Dr Giulia Boitani
- Affiliated Lecturer
- College Teaching Officer
Contact
Location
- Kings College, Kings Parade, CB2 1ST
About
Giulia Boitani is a medievalist, an affiliated lecturer in the French and Italian departments with the Faculty and College Teaching Officer in King’s College.
Teaching interests:
Giulia supervises students in FR3, FR7, and FR15, medieval French Year Abroad Projects, as well as FR1 and IT1/ITA3. She has also taught in the ELAC (now LCT) MPhil, and is happy to supervise more broadly in medieval studies across romance languages.
Research
Research interests:
Giulia is a medieval literary scholar whose interests span across medieval Romance literature, particularly medieval French, Occitan and Italian. Her recent research focuses on the role of foundresses in medieval French prose romances, and what these immense texts might tell us about contemporary ideas of gender, power relationships, and genealogy. She is also interested at looking at the different manuscript and cultural contexts – especially from the 14th and 15th century – that shape a medieval text; in the construction of lyric voices and subjectivities across the Romance languages; and the ways in which current eco-critical practices might engage with medieval thought.

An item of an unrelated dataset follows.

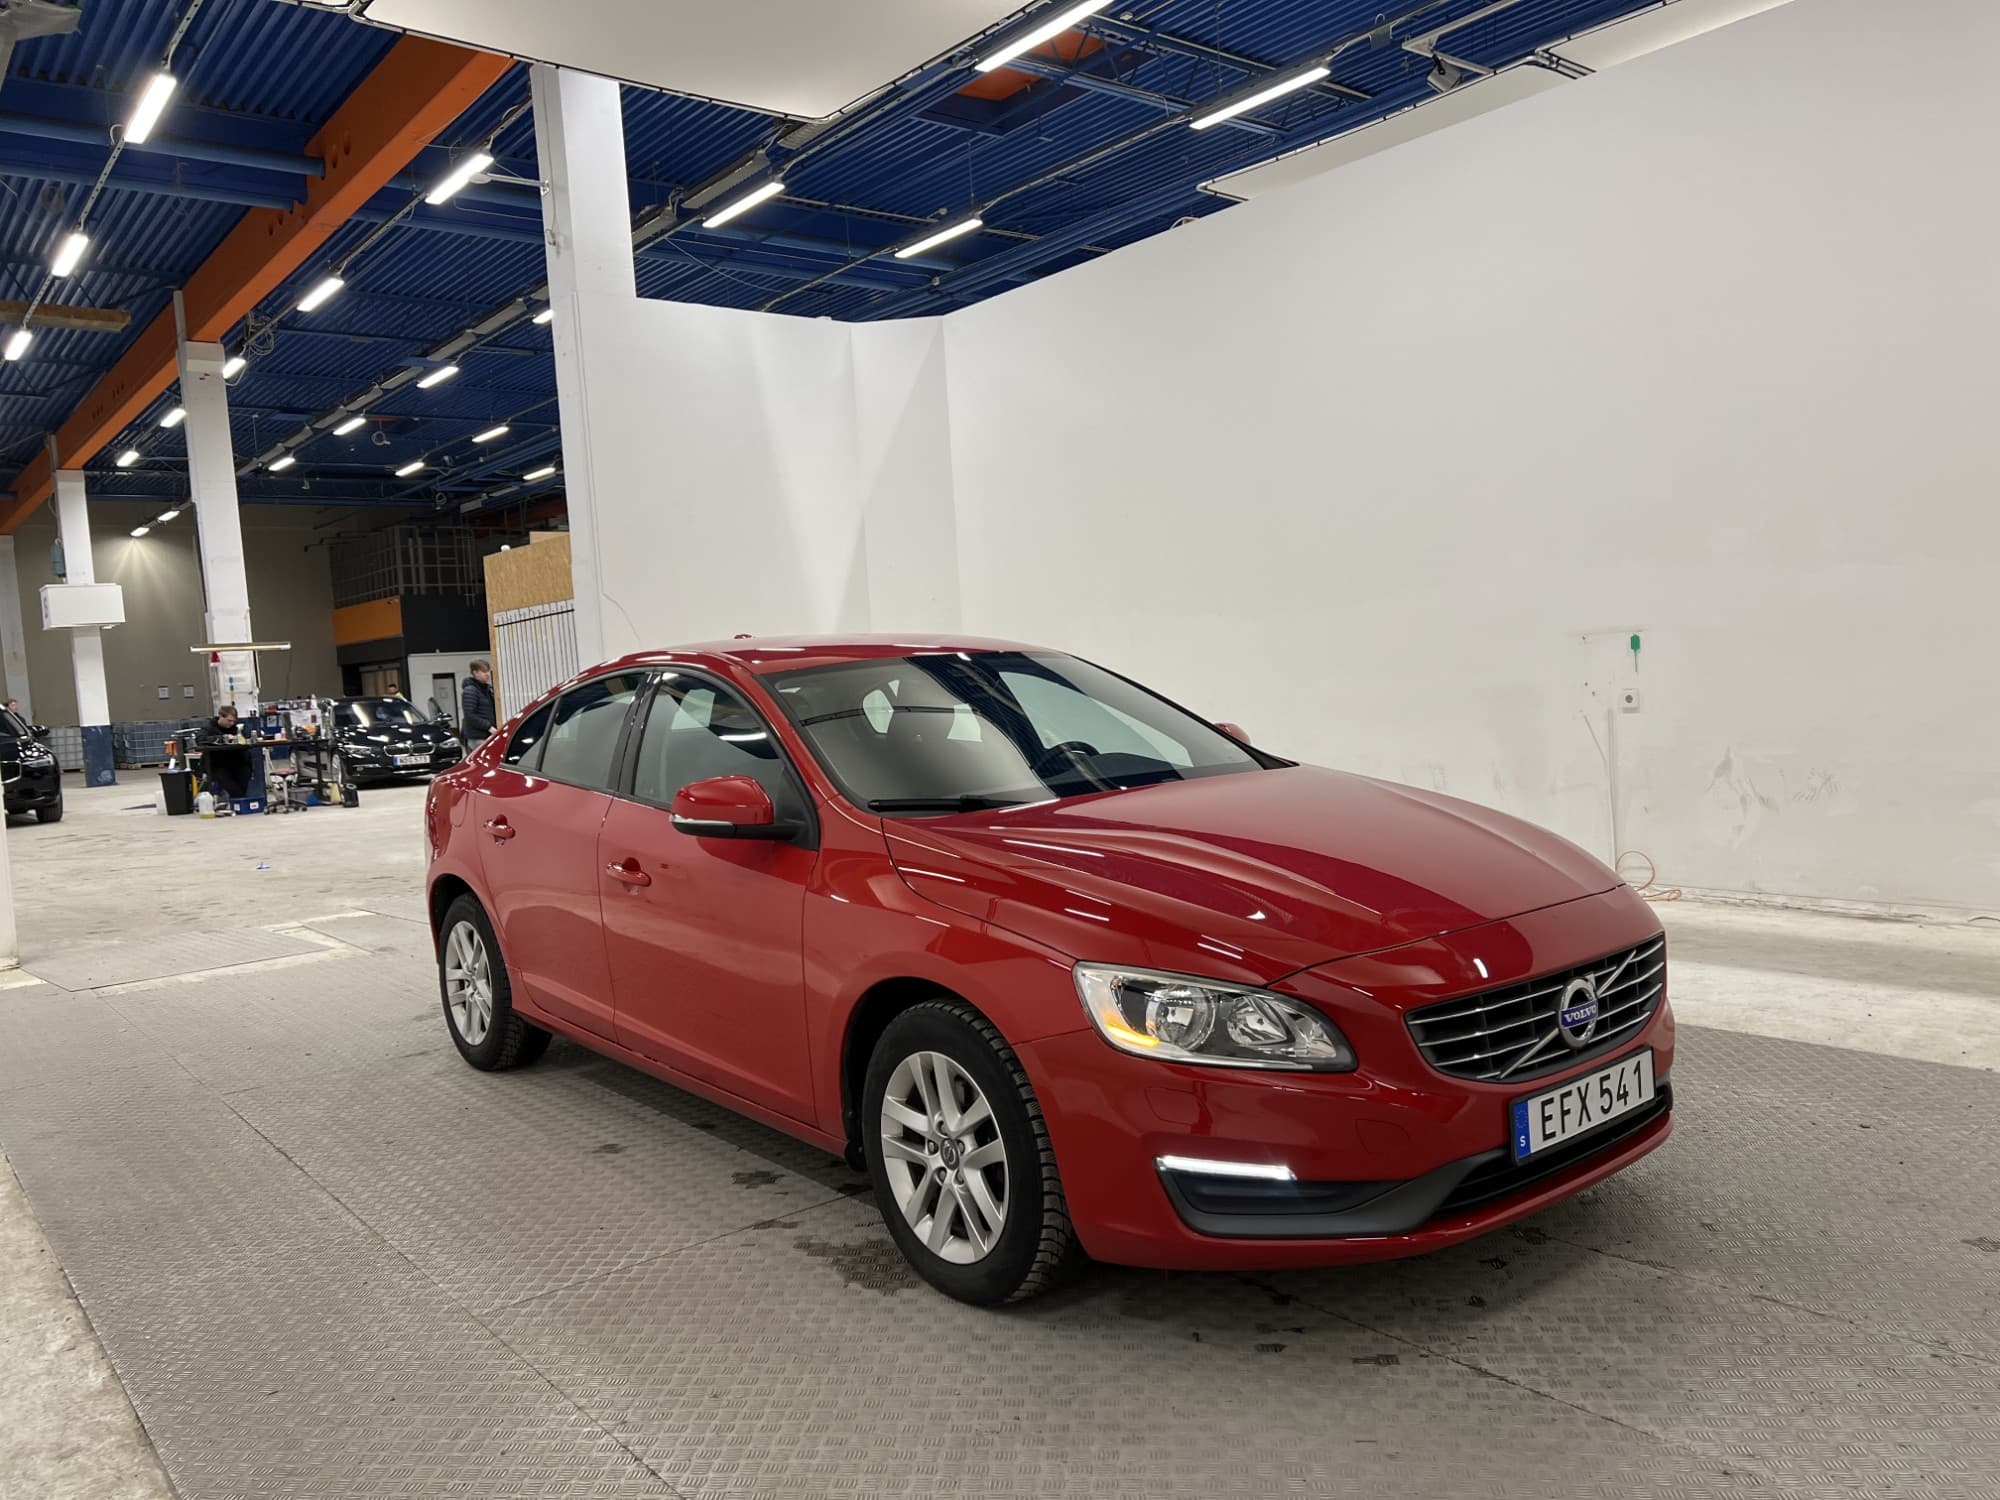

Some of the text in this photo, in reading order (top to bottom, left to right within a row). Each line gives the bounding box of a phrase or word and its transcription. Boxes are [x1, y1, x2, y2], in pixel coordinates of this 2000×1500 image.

[1564, 1005, 1597, 1023] VOLVO
[1541, 1060, 1643, 1142] EFX 541
[1519, 1135, 1526, 1147] S

Giulia obtained her BA and MA in Romance philology and literature at the University of Rome ‘La Sapienza’, and pursued her postgraduate studies at the University of Cambridge in 2016. She was a Society for French Studies Prize Postdoctoral Fellow in 2020 at Cambridge. She is an Official Fellow in French and Italian at King’s College.
Recent research projects:
‘Family Ties. Women and Genealogy in Medieval French Prose Romances’.
Published works:
- ‘Diffracting Paradiso: The stakes of knowing and being in paradise’, Italian Studies 80.3 (2025): 257-269.
- ‘History Branches Out. Narrative and Chronology in Bodmer 147’ in Making History with Manuscripts in Medieval and Early Modern Europe, ed by Johannes Junge Ruhland (Berlin: De Gruyter, 2025), pp. 225-251.
- With Henry Ravenhall, ‘A Hospitaller Book in Fifteenth-Century Florence: Notes on the Owners of Cologny, Bodmer 147’, in print with Medioevo Romanzo XVIII (2), 2024.
- ‘Tristan’s Origins. Foucault, History, and Genealogy in the Prehistory of the Prose Tristan’, Romanic Review 113.1 (2022), 177-198.
- ‘A Note on Liturgical and Mystical Quotations in Flamenca’, Medium Aevum, 88.1 (2019), 93-115.